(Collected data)
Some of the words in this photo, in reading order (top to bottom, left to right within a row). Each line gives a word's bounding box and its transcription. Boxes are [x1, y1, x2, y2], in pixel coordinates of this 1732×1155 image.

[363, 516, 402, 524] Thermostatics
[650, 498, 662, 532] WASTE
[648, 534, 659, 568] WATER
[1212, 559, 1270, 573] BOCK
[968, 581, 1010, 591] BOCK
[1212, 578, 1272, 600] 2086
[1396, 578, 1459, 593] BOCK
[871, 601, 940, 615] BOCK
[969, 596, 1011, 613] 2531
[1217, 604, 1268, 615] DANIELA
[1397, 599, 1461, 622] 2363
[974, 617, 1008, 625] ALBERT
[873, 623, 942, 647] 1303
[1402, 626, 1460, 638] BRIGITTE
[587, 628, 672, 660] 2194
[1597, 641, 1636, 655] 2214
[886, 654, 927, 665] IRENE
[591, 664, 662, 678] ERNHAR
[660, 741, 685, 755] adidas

> **What you will do**: All of the entries above are to be printed again exactly.

> **Result**:
Some of the words in this photo, in reading order (top to bottom, left to right within a row). Each line gives a word's bounding box and its transcription. Boxes are [x1, y1, x2, y2], in pixel coordinates of this 1732×1155 image.

[363, 516, 402, 524] Thermostatics
[650, 498, 662, 532] WASTE
[648, 534, 659, 568] WATER
[1212, 559, 1270, 573] BOCK
[968, 581, 1010, 591] BOCK
[1212, 578, 1272, 600] 2086
[1396, 578, 1459, 593] BOCK
[871, 601, 940, 615] BOCK
[969, 596, 1011, 613] 2531
[1217, 604, 1268, 615] DANIELA
[1397, 599, 1461, 622] 2363
[974, 617, 1008, 625] ALBERT
[873, 623, 942, 647] 1303
[1402, 626, 1460, 638] BRIGITTE
[587, 628, 672, 660] 2194
[1597, 641, 1636, 655] 2214
[886, 654, 927, 665] IRENE
[591, 664, 662, 678] ERNHAR
[660, 741, 685, 755] adidas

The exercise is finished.